Just a note.  This studio was next to the elevator, on the South side, I think the 8th floor, facing the harbour.  I don't know if his room was smaller than normal, but you could barely squeeze between the bed and the other furniture in the room.  You won't be able to set up a crib or other bed in the room.


----------



## GregT (Mar 3, 2014)

Beacon888 said:


> Hi There,
> 
> Searching the threads to try and find some photos or Floor plan for the Lagoon Tower Studio. We're booked at HHV in Aug. There will be 3 of us staying in a studio unit. Our daughter will be 2. Is it going to be tight in terms of space?



Ron is correct that the Studio is definitely small in HHV Lagoon.   However, considering your third guest is two years old, you may be able to pull it off.  An issue may be if she still naps, because there is no separation between you and your napping child.

However, HHV rocks and if this is your best opportunity to go, I would not let the Studio stop me.   The studio that Ron stayed in is indeed smaller than the other studio (which is not to suggest the other is spacious).  

I would call HHV a couple weeks before check-in, and request the Studio that is *not* Room 71 -- that's the small Studio.    There's only one other Studio on each floor, it's either Room 62 or Room 63, I'm not sure which, and that's the Studio that you want.

Good luck and let us know what you decide!

Best,

Greg


----------



## feed the otter (Mar 3, 2014)

I think if you go into your vacation with the mindset you'll be staying in a hotel room rather than a condo you'll be fine, if only for having reasonably managed expectations.  In spite of timeshare vacations teaching us all that if there aren't at least two separate rooms it's no place worth staying, people STILL DO STAY IN HOTEL ROOMS and bring small children with them.  Crazy, I know, right?!?

I think any ideas or reactions suggesting you're setting yourself up for a week of misery--much less that you're the first person to stay in a single room, God forbid, for a week with your small child--are a little over dramatic.  Once you're outside where you are best off anyway for just such a trip, it doesn't matter how small the room is 'til you go back when it's time to sleep again (naps or otherwise).

By all means do get a 1BR if you can, but don't let your stay in the studio stop you from going and having a great time.  It's HAWAII after all!!!

Enjoy your trip.


----------



## Ron98GT (Mar 3, 2014)

feed the otter said:


> I think if you go into your vacation with the mindset you'll be staying in a hotel room rather than a condo you'll be fine, if only for having reasonably managed expectations.  In spite of timeshare vacations teaching us all that if there aren't at least two separate rooms it's no place worth staying, people STILL DO STAY IN HOTEL ROOMS and bring small children with them.  Crazy, I know, right?!?
> 
> I think any ideas or reactions suggesting you're setting yourself up for a week of misery--much less that you're the first person to stay in a single room, God forbid, for a week with your small child--are a little over dramatic.  Once you're outside where you are best off anyway for just such a trip, it doesn't matter how small the room is 'til you go back when it's time to sleep again (naps or otherwise).
> 
> ...


It's NOT that it was a studio.  It's NOT that it was 1 room.  It was the SIZE of the room.  The Lagoon Tower studio,that my wife's son stayed in, was smaller than any hotel room that I've been in.
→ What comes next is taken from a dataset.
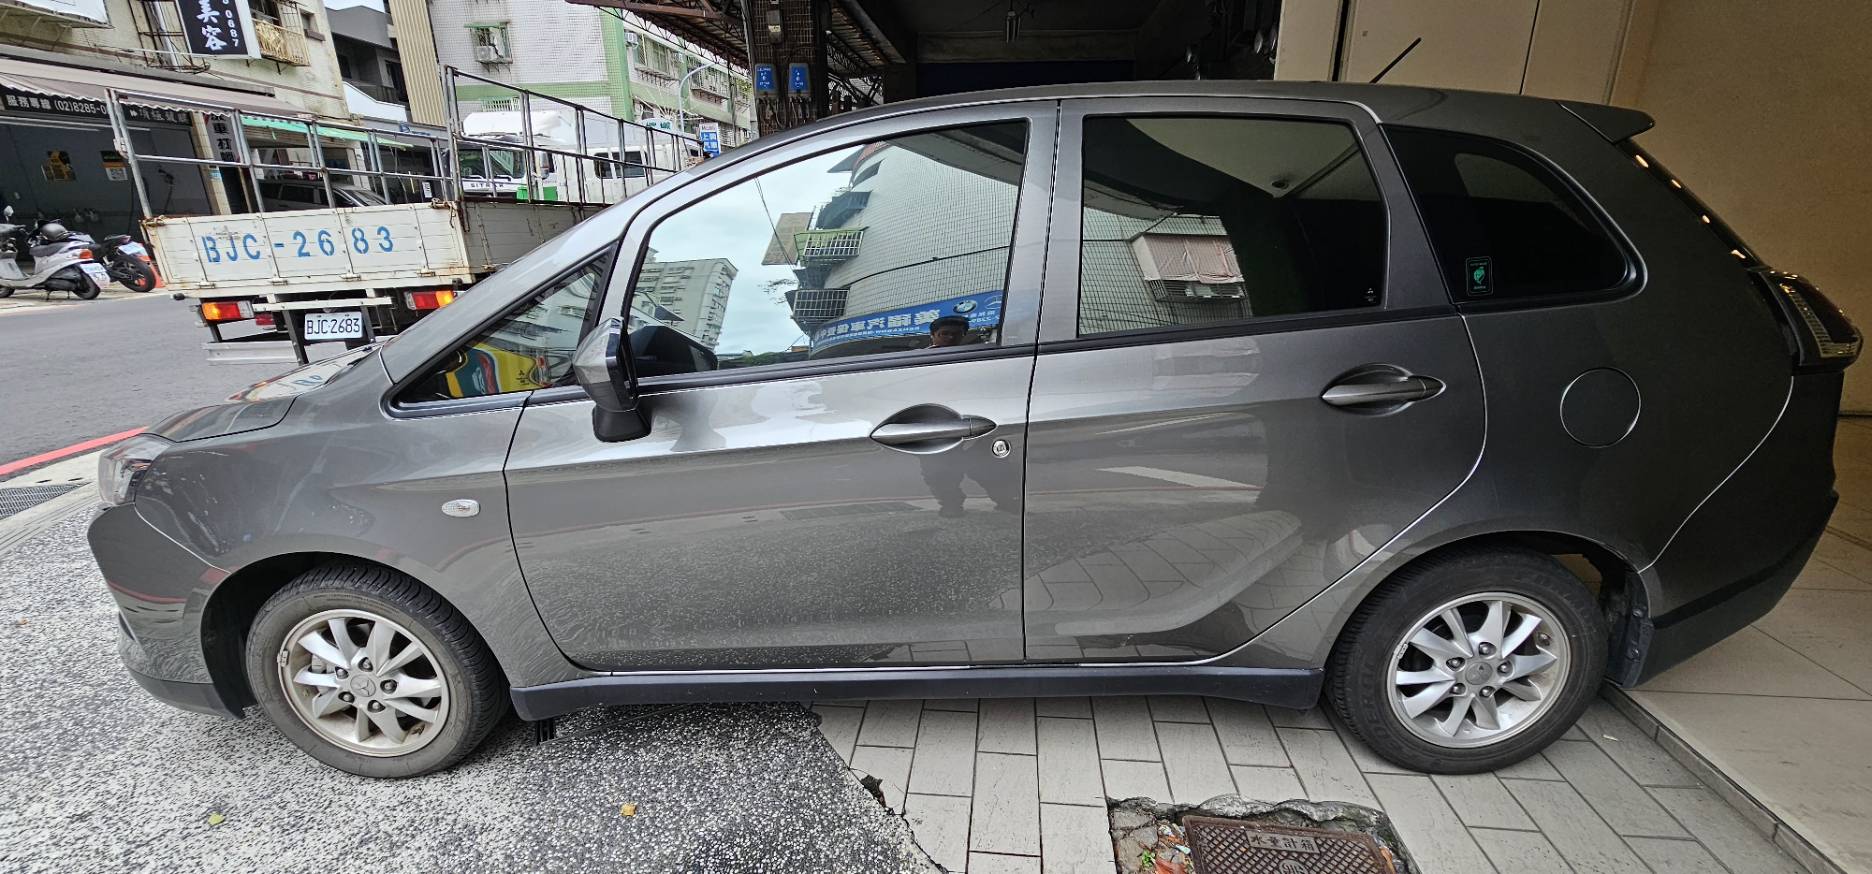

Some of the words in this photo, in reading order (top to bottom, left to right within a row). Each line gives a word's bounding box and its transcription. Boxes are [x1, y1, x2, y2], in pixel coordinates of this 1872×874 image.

It was smaller than any cruise ship cabin that I've stayed in.  It was just freak'in tiny.  It couldn't have been much bigger than 10' x 10''. 

The night stands on each side of the bed, did NOT have drawers.  The was NO dresser in the room. There was no drawers anywhere to put clothes in.  There was a closet in the corner, but we couldn't open it because there was a Big heavy chair in front of it and the chair was next to the bed.  He had to leave his clothes in his suit case, on the chair, so the chair was useless. You had to squeeze between the chair and the bed to get to the window.

At least in a regular studio, hotel room, or cruise ship cabin, there is a couch where they could put the baby.  In the Lagoon Towers studio, there was nothing.  The baby would have to stay in the one bed. 

I doubt that I took any pictures or flicks of the room, because a fish-eye lens would have been required. 

I haven't seen the Kalia or GW studio's. They "might" be bigger.  And like I said, it could just be the Lagoon Tower studio's next to the elevators that are so tiny.  I just can't see 2 people staying in "that room", let alone 2 adults and a 3 year old baby.


----------



## Beacon888 (Mar 3, 2014)

Thanks Everyone for the feedback. I'll keep the cruise size rooms in my head. That way I won't get disappointed. I'll definitely see if I can upgrade to the one bedroom. Don't see very much pop up and I check every morning and evening.


----------



## feed the otter (Mar 3, 2014)

Ron98GT said:


> It's NOT that it was a studio.  It's NOT that it was 1 room.  It was the SIZE of the room.  The Lagoon Tower studio,that my wife's son stayed in, was smaller than any hotel room that I've been in. It was smaller than any cruise ship cabin that I've stayed in.  It was just freak'in tiny.  It couldn't have been much bigger than 10' x 10''.



Having seen the far more reasonable version of a studio off their 2BR lockout, it is amazing there could be such a disparity between them (certainly believing the one you saw was indeed that small).

The LT 2BR lockout studio was pretty much a hotel room, or slightly better I suppose for the kitchenette (not to be confused with anyplace you'd want to be preparing much in the way of food).  There were 2 beds--can't remember if they were queens or doubles--and reasonable space to move around.

For the OP, in deference to the range of possibilities identified between any two LT studios, at least call the front desk and explain you'll have three of you and can't all be wedged into their closet version of a studio.  No guarantees they'll accommodate your request for the bigger one, but it won't hurt to ask.


----------



## jestme (Mar 3, 2014)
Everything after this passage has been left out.